How to Edit Video with an AI Agent Using HyperFrames

AI agents couldn't edit video because After Effects and DaVinci weren't built for them. HyperFrames turns HTML into video frames, letting Claude Code render real MP4s by writing web code. Complete walkthrough with setup and code examples.

Ashley Innocent

Ashley Innocent

17 April 2026

How to Edit Video with an AI Agent Using HyperFrames

TL;DR

AI agents can write code, call APIs, and run multi-step workflows. Until now, one capability kept eluding them: editing video. Professional tools like After Effects and DaVinci Resolve use layered timelines and JSON scene graphs that LLMs weren’t trained on. HeyGen’s new open-source project, HyperFrames, flips the approach. It lets AI agents compose video using HTML, CSS, and JavaScript, then renders the result to MP4, MOV, or WebM. You install it as a Claude Code skill with one command, and your agent becomes a video editor.

Introduction

Video is the most engaging communication format on the web. Every other medium an AI agent can produce (text, code, images, charts) has a clear toolchain. Video didn’t.

You could prompt a model to generate a full clip with Sora, Veo, or Runway, but that approach has limits. You get a single monolithic video from a prompt. You can’t compose it. You can’t iterate on motion graphics or overlay specific brand animations. You can’t tell the agent “redo scene 3 with a slower fade.”

HeyGen shipped HyperFrames on April 17, 2026 to close this gap. Instead of teaching agents traditional video software, they gave agents a format they already know: HTML. This guide walks through how it works, why the approach makes sense, and how to set it up so your own agent can edit video.

If you’re building API-driven agent workflows that produce video, you’ll also want to test the orchestration layer. We’ll cover how Apidog fits in at the end.

button

Why AI agents couldn’t edit video before

Traditional video editing tools weren’t built for agents. They were built for humans clicking on timelines.

Three specific barriers:

Timeline-based UIs don’t map to code. After Effects, Premiere, and DaVinci Resolve store projects as proprietary binary formats or deeply nested JSON scene graphs. Even if an agent could read these files, the semantic space is narrow. Almost no training data exists for model weights on these formats.

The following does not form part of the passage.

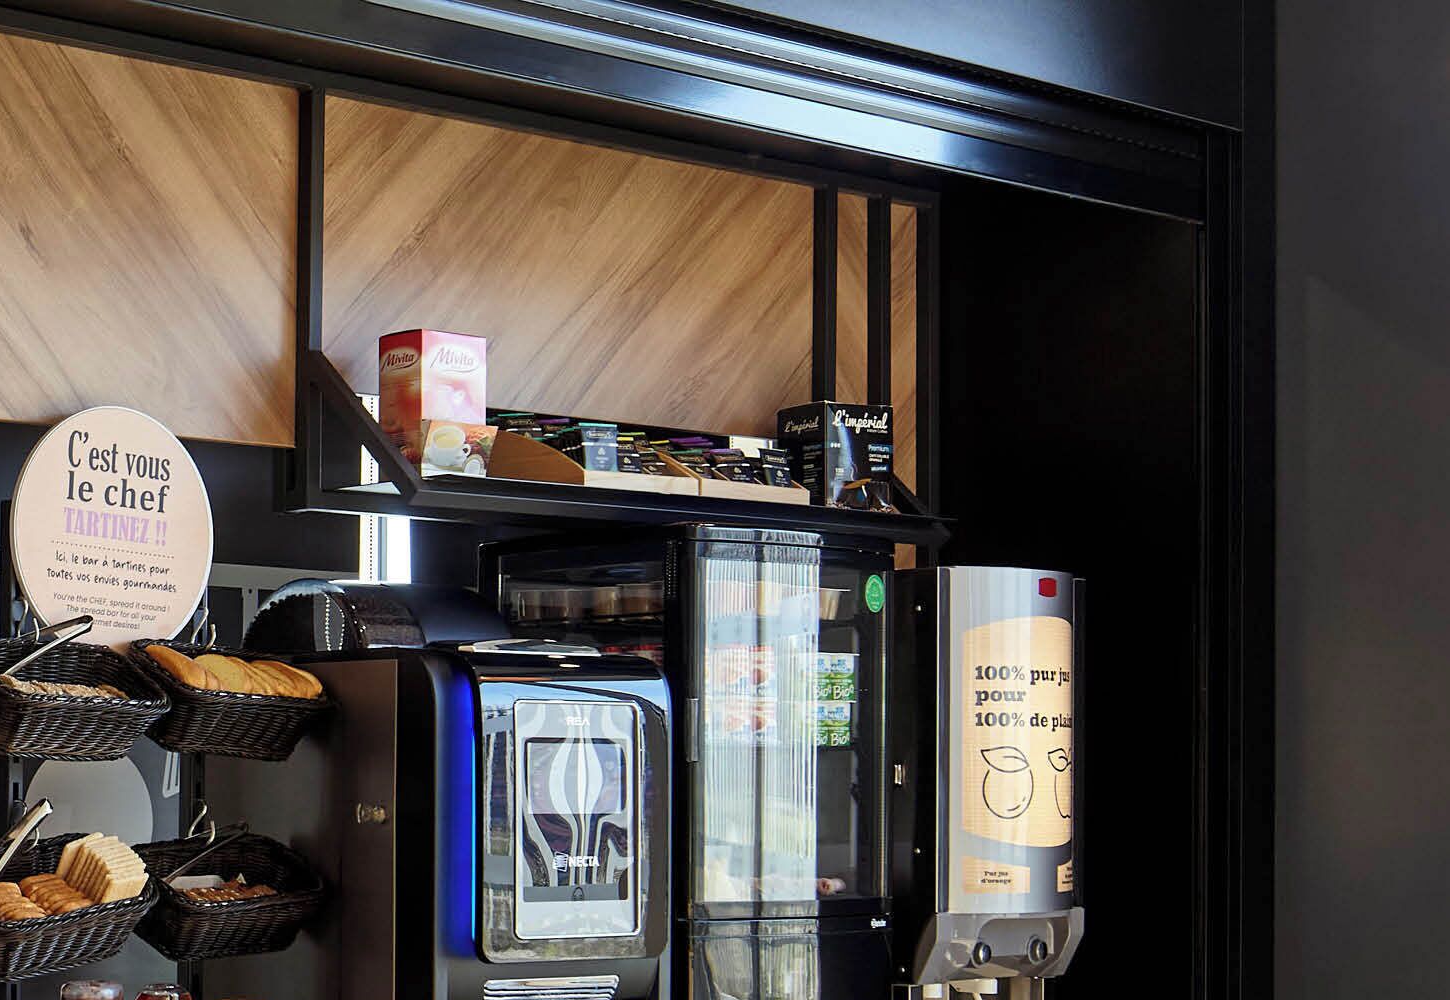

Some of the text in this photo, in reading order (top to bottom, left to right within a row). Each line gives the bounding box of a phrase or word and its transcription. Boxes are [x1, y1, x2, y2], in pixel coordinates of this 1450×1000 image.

Motion graphics require visual thinking. Keyframing animations, easing curves, and layer compositing are usually done by eye. Agents don’t see a preview window. They need a text-first abstraction to reason about motion.

The tools assume a human operator. Render pipelines, plugin ecosystems, and codec choices all live behind UI menus. Automating them through scripts works for limited cases (ExtendScript in After Effects, for example), but the APIs are narrow and fragile.

Result: agents could write a script to call ffmpeg, stitch clips together, and overlay text with basic filters. Anything beyond that required a human.

The HTML-for-video insight

HeyGen’s team had a different observation. LLMs were trained on billions of pages of HTML, CSS, and JavaScript. They’ve seen hundreds of thousands of GSAP animations, SVG compositions, Canvas experiments, and Lottie files. The web is the single largest creative medium in their training data.

When you ask a frontier model to produce a visually rich animation, it writes HTML fluently. It knows how to:

All the visual primitives an editor needs already exist in the browser. The missing piece was turning a timeline of HTML scenes into a rendered video file.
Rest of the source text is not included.